A nurse is planning care for a client who has undergone cardiac catheterization through the femoral artery. Which of the following actions should the nurse plan to take?
Instruct the client to perform range-of-motion exercises to his lower extremities.
Ambulate the client 1 hour following the procedure.
Restrict the client's fluid intake.
Assess the color, temperature, and pulse in the affected extremity.
The Correct Answer is D
Choice A reason: Instructing the client to perform range-of-motion exercises to his lower extremities immediately after cardiac catheterization is not recommended.

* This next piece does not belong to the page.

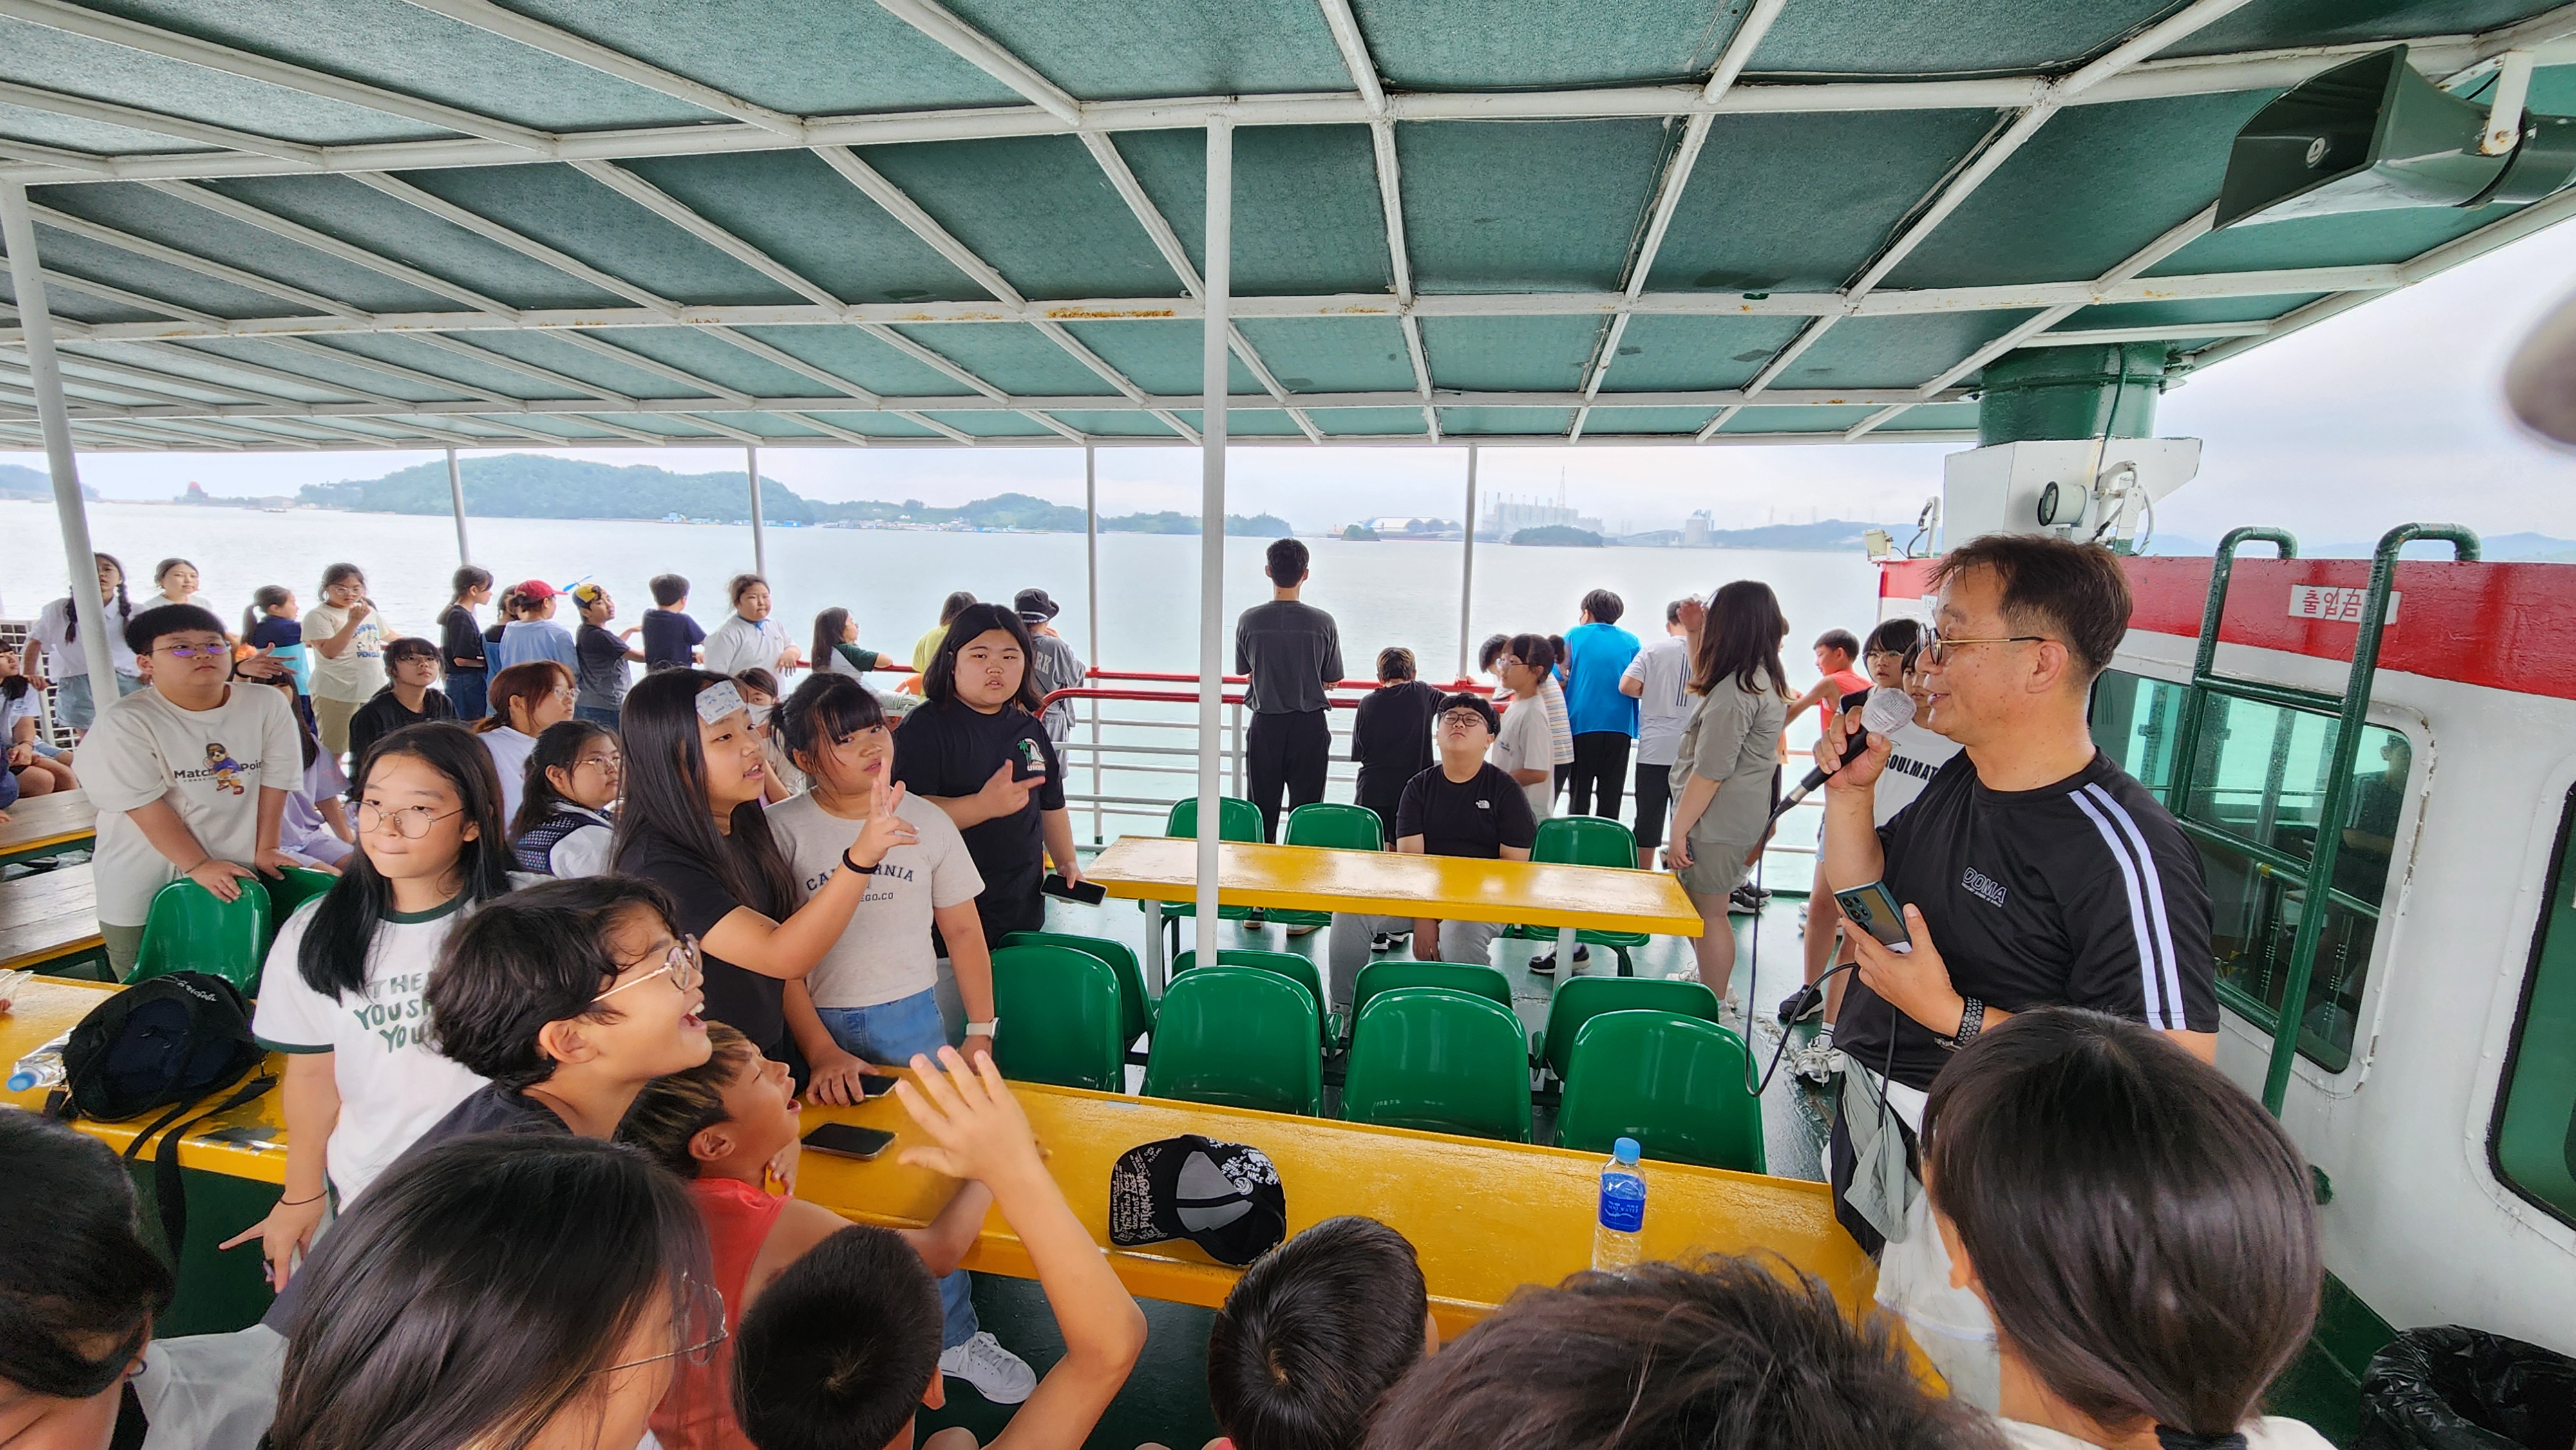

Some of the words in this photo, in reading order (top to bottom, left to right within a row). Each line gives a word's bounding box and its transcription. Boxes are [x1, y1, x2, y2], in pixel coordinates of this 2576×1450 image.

The client should maintain bed rest with the affected leg straight to prevent bleeding from the catheter insertion site.
Choice B reason: Ambulating the client 1 hour following the procedure is not advised. After femoral artery access, the client is typically required to remain on bed rest with the affected leg straight for several hours to ensure hemostasis and prevent bleeding².
Choice C reason: Restricting the client's fluid intake is not a standard post-procedure action. Adequate hydration is important after cardiac catheterization to help flush the contrast dye used during the procedure from the body, unless contraindicated.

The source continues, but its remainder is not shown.